What to include in emergency food for dialysis patients: dietary care during disasters

During disasters in which hemodialysis units or dialysis treatment are not available on time, or immediately after a disaster, it may be necessary to understand and prepare for a restricted diet to maintain electrolyte and fluid balance. Emergency dietary plans for dialysis patients are shown in “Preparing for Emergencies: A Guide for People on Dialysis”. It asserts that dialysis patients should avoid high potassium foods, be cautious with fruits (including dried fruits) and limit vegetable (including potatoes). Moreover, patients should limit intake of water, protein, salt, and salt substitutes. Salt substitutes are very dangerous because they are usually high in potassium. During a disaster situation with an outage, it is better to eat refrigerated foods than to eat foods at room temperature. Disaster food is usually a box package, and the food should be stored on a dry shelf, and checked for expiration dates and leakage. Dry food should be stored in sealed containers that can block insects and moisture. Particularly in situations where patients must postpone dialysis, water intake restriction is of the utmost importance. Water intake should be limited to approximately half the usual amount. If patients have had a large increase in body weight between dialysis sessions, water should be strictly limited to half the usual amount. To relieve thirst, patients can suck hard candy, chew gum, or use repeat mouthwashes.

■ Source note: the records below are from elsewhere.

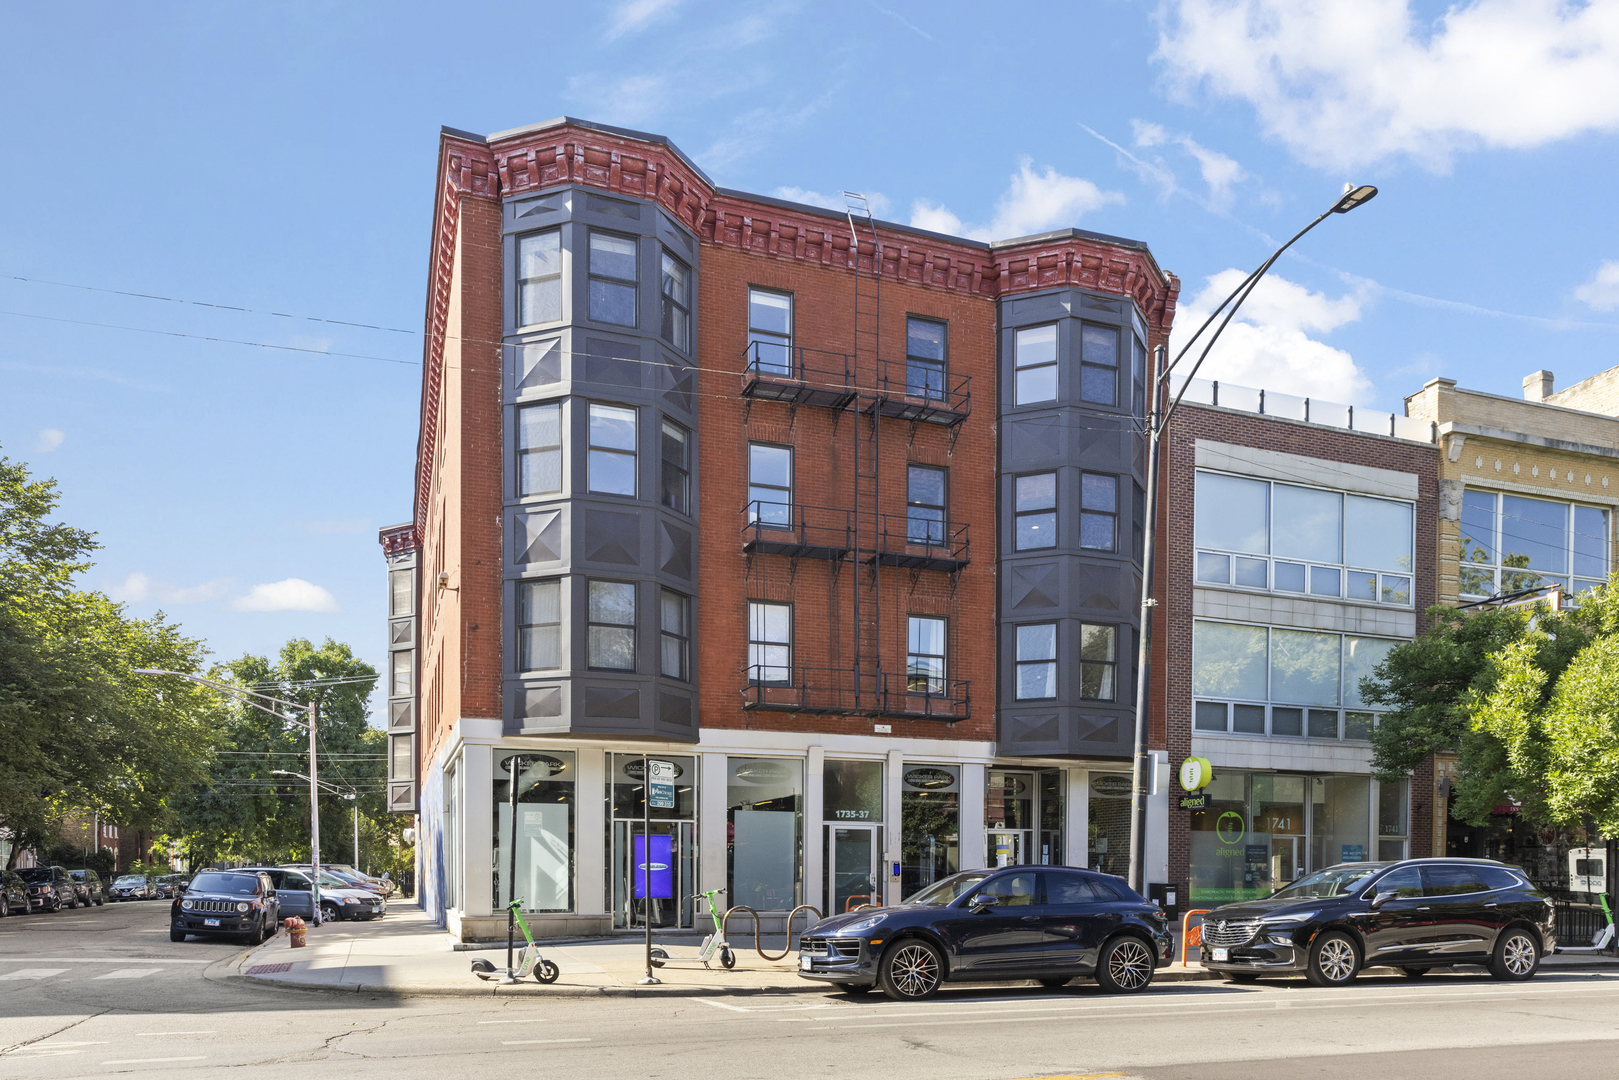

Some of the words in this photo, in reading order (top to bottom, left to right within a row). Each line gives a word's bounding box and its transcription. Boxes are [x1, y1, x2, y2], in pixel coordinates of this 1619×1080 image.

[1524, 598, 1551, 612] ROM
[1180, 796, 1204, 808] aligned
[836, 810, 870, 818] 1735-37
[1267, 817, 1291, 830] 1741
[1216, 847, 1245, 858] aligned

The CDC, in coordination with KCER Coalition in the above description, presents a 3-day emergency diet plan. However, direct application to Korean dialysis patients may not be simple due to cultural differences in dietary habits. A Korean emergency diet plan should be developed based on evidence.

Necessity for between hemodialysis unit and national governments to cooperate on renal disasters

In this review, we suggest logistics for massive disasters and a safety management plan in the Korean hemodialysis unit, as shown in Fig. 1. The local HD unit staff should understand the damage status of the institute to prepare for water system failure and power outage in a massive disaster situation. Role-playing should be discussed in HD facilities before a disaster occurs (Fig. 1). A regional coordination HD unit should be selected in advance. In disaster situations, the regional coordination HD unit must play a key role in patient evacuation and contact available HD units to ask for urgent help to provide dialysis treatment. A head coordination HD unit is required for regional response, and the head coordination HD unit should maintain its surge capacity to support dialysis-associated materials and human resources for emergent situations (Fig. 1). At the local and national government levels, as well as at the level of each HD unit, long-term preparations should be made for renal disaster. A subsidy or government incentive would be helpful for establishing standards to prepare for power outages, such as an UPS system or a back-up generator. Due to the increased amount of equipment needed, increased cost is inevitable. The nephrology society, dialysis system manufacturers, and dialysis patients must recognize the hospital management department, which places the highest priority on patient safety. Government efforts should also focus on global cooperation with the International Society of Nephrology (ISN) in massive disaster situations. Since the Armenian earthquake in 1988, the Renal Disaster Relief Task Force (RDRTF) of ISN was launched to support nephrologic management for early dialysis treatment for acute kidney injury in areas of mass disaster. Government efforts are needed to aid international cooperation in massive disaster situations.

Conclusion

Like the rest of the Asia-Pacific region, it is evident that the Korean Peninsula is not completely safe from natural disasters. In this review, we provide a summary of ways to prepare for natural disasters in Korea with respect to hemodialysis units. Nephrologists, nursing staff, dialysis-related technicians, and dialysis patients all need to be better educated to cope with disaster situations. A long-term disaster response system should be started with support from the government, nephrology society, and global networks. At the same time, short-term plans to improve preparedness for disaster situations in hemodialysis units need to begin as soon as possible.